Audio: How does it sound?
The previous DVD release offered up a Dolby Digital Mono soundtrack which, considering the age of the film, sounded somewhat decent. This new HD DVD release has a Dolby Digital Plus soundtrack that, arguably, doesn’t sound a whole lot better but it does improve on the previous editions of this movie. Dialogue is very consistently clean and though this isn’t the type of movie that will shake the walls, it certainly sounds better that it ever has. Loosely translated, you’ll like what you hear and how it’s presented.
Supplements: What are the extras?
This HD DVD version has all of the supplements ported over from the previous two-disc edition, so you’ll know what you’re getting here. “The Adventures of Robin Hood”. We start off with an audio commentary by film historian Rudy Behlmer.
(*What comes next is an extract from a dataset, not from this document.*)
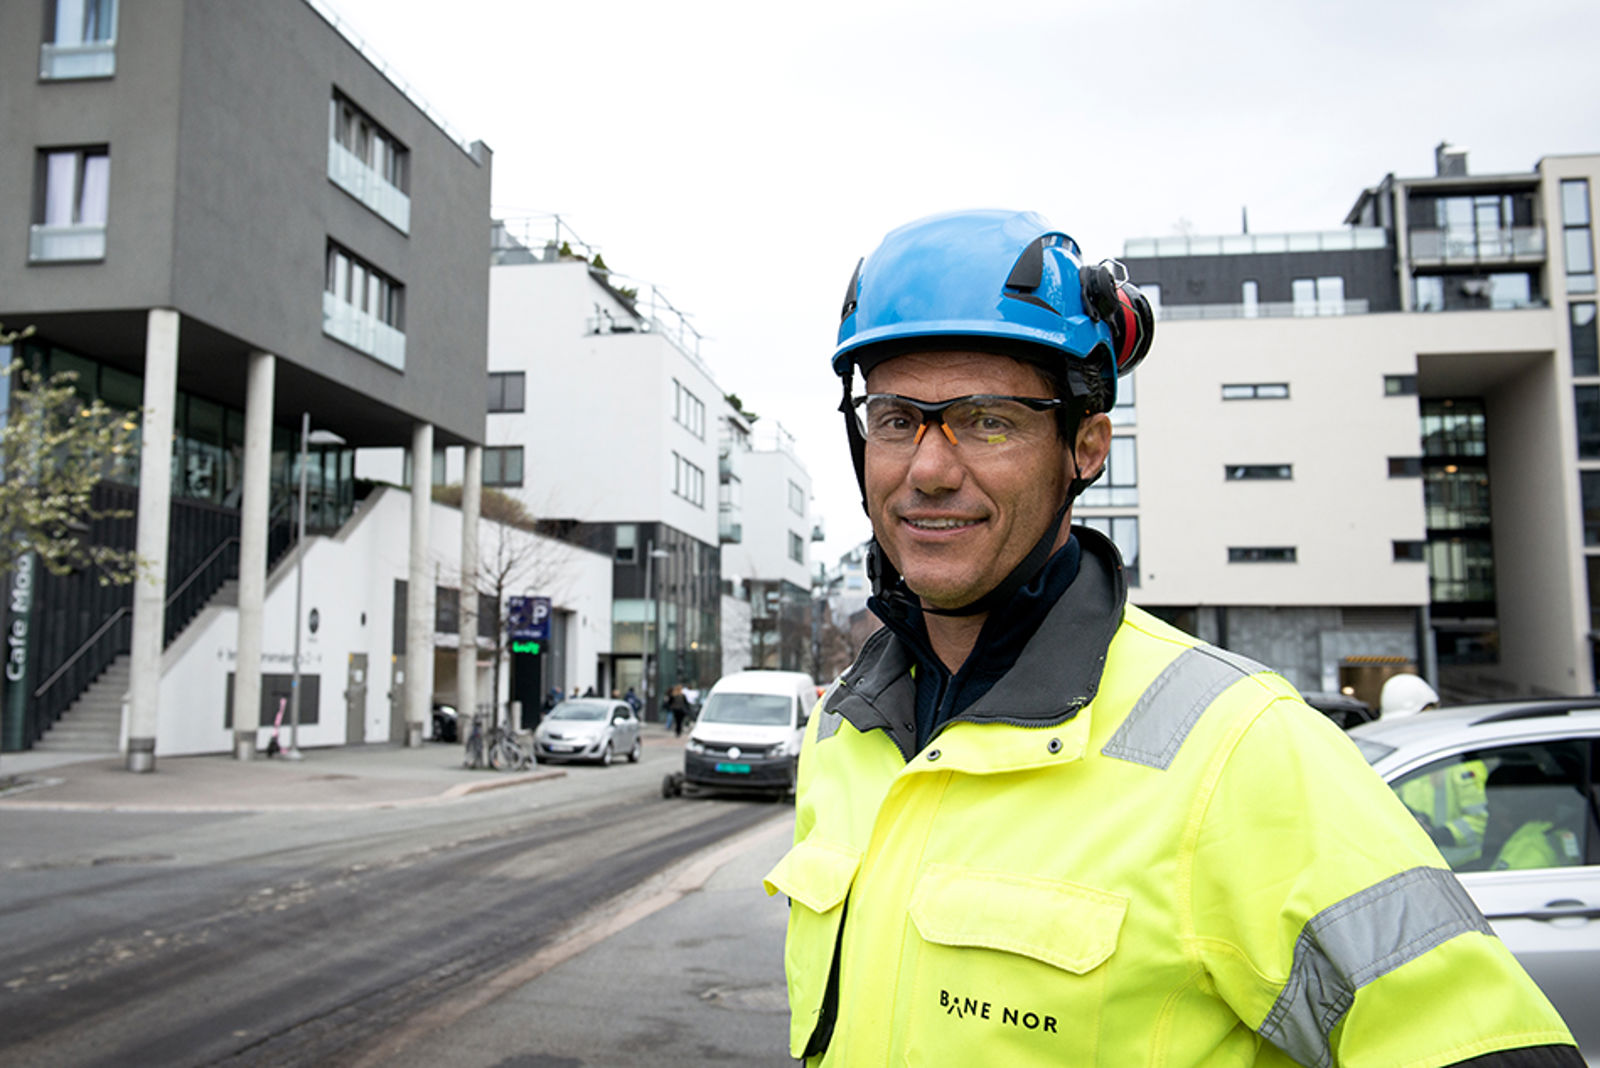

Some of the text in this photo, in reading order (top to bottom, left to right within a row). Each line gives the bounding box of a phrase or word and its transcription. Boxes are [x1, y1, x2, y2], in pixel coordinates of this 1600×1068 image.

[532, 604, 548, 625] P
[6, 618, 27, 681] Cafe
[940, 989, 1057, 1033] BANE NOR
Behlmer is very talkative here and obviously knows his stuff. He does give a lot of information about the troubled shoot and seems to deliver the kind of track that only someone who has been studying his material for a long time knows. He does. A music-only track that features Erich Wolfgang Korngold’s score is also included. Lastly, we have the “Warner Night at the Movies 1938” which attempts to re-create what is would have been like to see the film at the theater back then. Hosted by Leonard Maltin, we are greeted with his introduction and shown a number of theatrical trailers, a newsreel and even a cartoon. Also included is a trailer gallery of Errol Flynn’s movies.
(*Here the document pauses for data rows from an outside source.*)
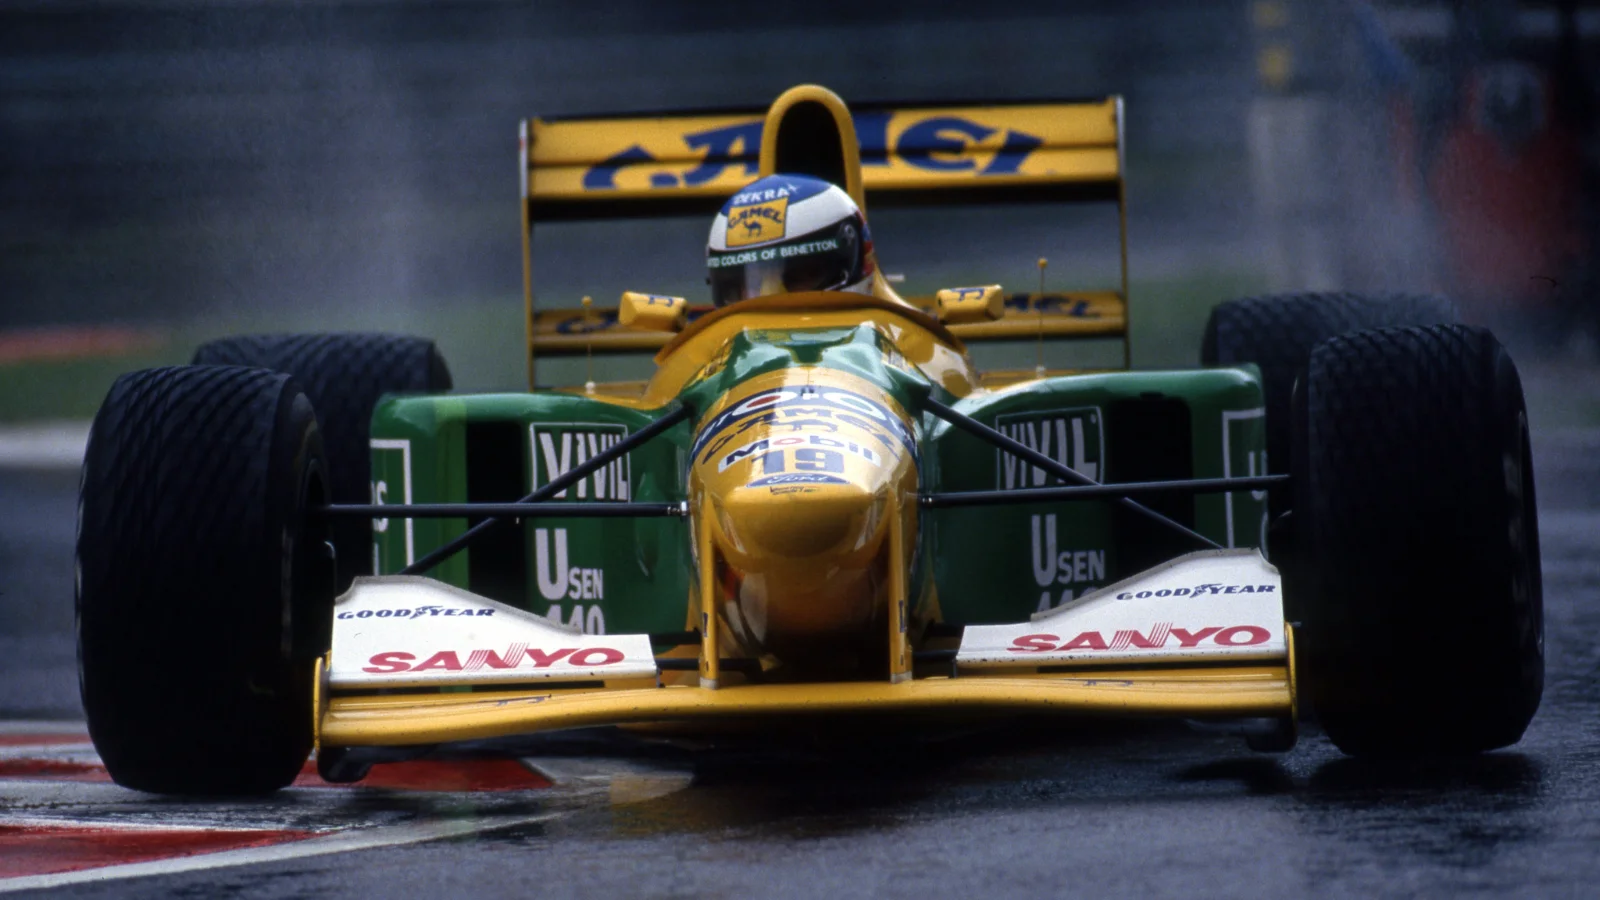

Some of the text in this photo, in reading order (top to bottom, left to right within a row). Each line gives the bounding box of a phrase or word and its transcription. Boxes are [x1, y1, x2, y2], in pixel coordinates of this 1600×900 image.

[728, 206, 782, 229] CAMEL
[721, 251, 757, 267] COLORS
[761, 249, 776, 261] OF
[726, 434, 873, 466] Mobil
[751, 448, 844, 474] 19
[1000, 417, 1097, 491] VIVIL
[538, 432, 628, 500] VIVIL
[766, 473, 829, 485] Ford
[1116, 584, 1276, 600] GOODYEAR
[337, 605, 496, 620] GOODYEAR
[1006, 622, 1272, 653] SANYO
[362, 642, 625, 674] SANYO
A documentary “Welcome to Sherwood: The story of The Adventures of Robin Hood”. Interviews with writers and filmmakers are shown as is the production of this great movie. Leonard Maltin, Robert Osborne (host of Turner Classic Movies) and others share their thoughts on the film at hand. It’s this kind of high-quality work that make Warner’s editions so beloved by fans. We then have a slew of shorter featurettes “From the Cutting Room” has some outtakes of the movie and the “Breakdowns of 1938” showcasing all the bloopers from all of Warner’s movies of that year. Next up is “Robin Hood through the ages”. Even as old as this movie is, it had been done before and this showcases some of the earlier screen versions. “A Journey to Sherwood Forest” shows some rare home movies shot on the Warner studio lot during the film’s production. Not the most informative of features, but a neat little feature nonetheless. Some classic cartoons are shown as well, the Looney Toons shorts “Rabbit Hood” (with Bugs as Robin Hood” and “Robin Hood Daffy”. “Splitting the Arrow” is a focus on the Academy Award winning Art Direction (which included Costume Designs, storyboards and some cast and crew photos). The original Robin Hood radio show is broadcast (audio only, naturally) with the stars of the film as well as a piano session with composer Korngold. Lastly, Angela Lansbury narrates “Glorious Technicolor” which follows the evolution of Technicolor through the ages. “The Adventures of Robin Hood” was the first Warner picture to use this process, so this is naturally a welcome addition. All in all, a great offering of one of the more popular “early” action movies has made its way to HD DVD, and it looks and sounds great.